> **What is required**: Transcribe all the lines below exactly. Omit the pictures.
Segment Start: Extracted entries
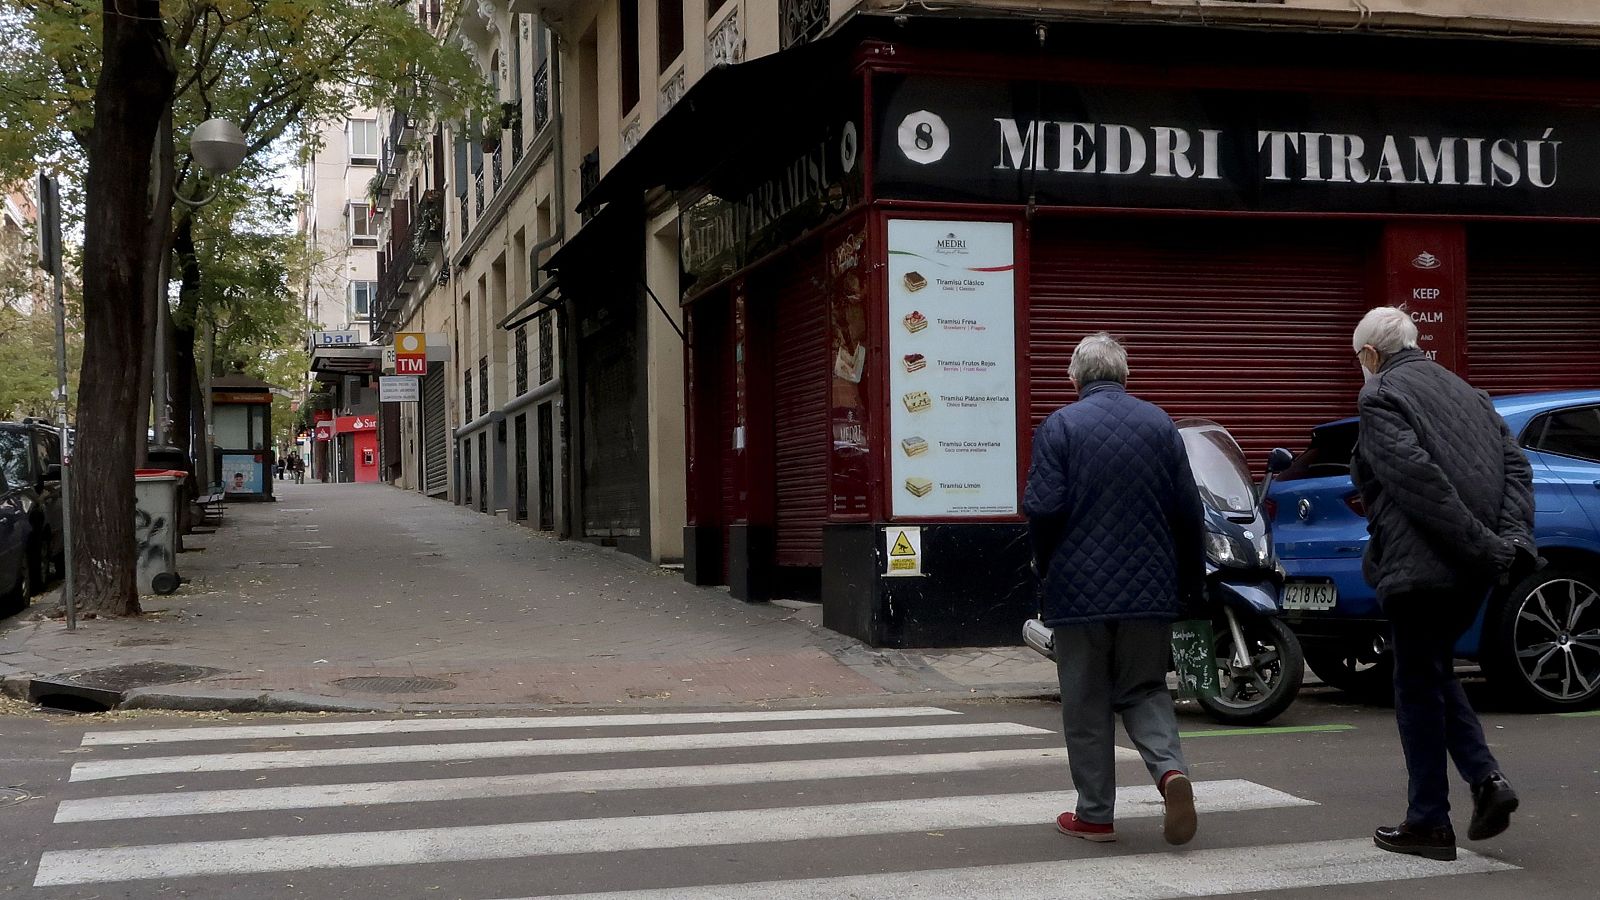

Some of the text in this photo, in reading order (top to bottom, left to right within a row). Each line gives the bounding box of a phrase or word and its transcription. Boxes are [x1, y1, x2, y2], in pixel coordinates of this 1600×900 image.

[914, 122, 934, 151] 8
[994, 117, 1563, 189] MEDRI TIRAMISÚ
[937, 239, 966, 248] MEDRI
[1412, 288, 1440, 300] KEEP
[1410, 311, 1443, 323] CALM
[323, 333, 353, 344] bar
[1420, 350, 1438, 361] AT
[397, 358, 423, 371] TM
[1285, 586, 1335, 604] 4218 KSJ
Segment End: Extracted entries
> **Output of the task**:
Some of the text in this photo, in reading order (top to bottom, left to right within a row). Each line gives the bounding box of a phrase or word and its transcription. Boxes are [x1, y1, x2, y2], in pixel coordinates of this 1600×900 image.

[914, 122, 934, 151] 8
[994, 117, 1563, 189] MEDRI TIRAMISÚ
[937, 239, 966, 248] MEDRI
[1412, 288, 1440, 300] KEEP
[1410, 311, 1443, 323] CALM
[323, 333, 353, 344] bar
[1420, 350, 1438, 361] AT
[397, 358, 423, 371] TM
[1285, 586, 1335, 604] 4218 KSJ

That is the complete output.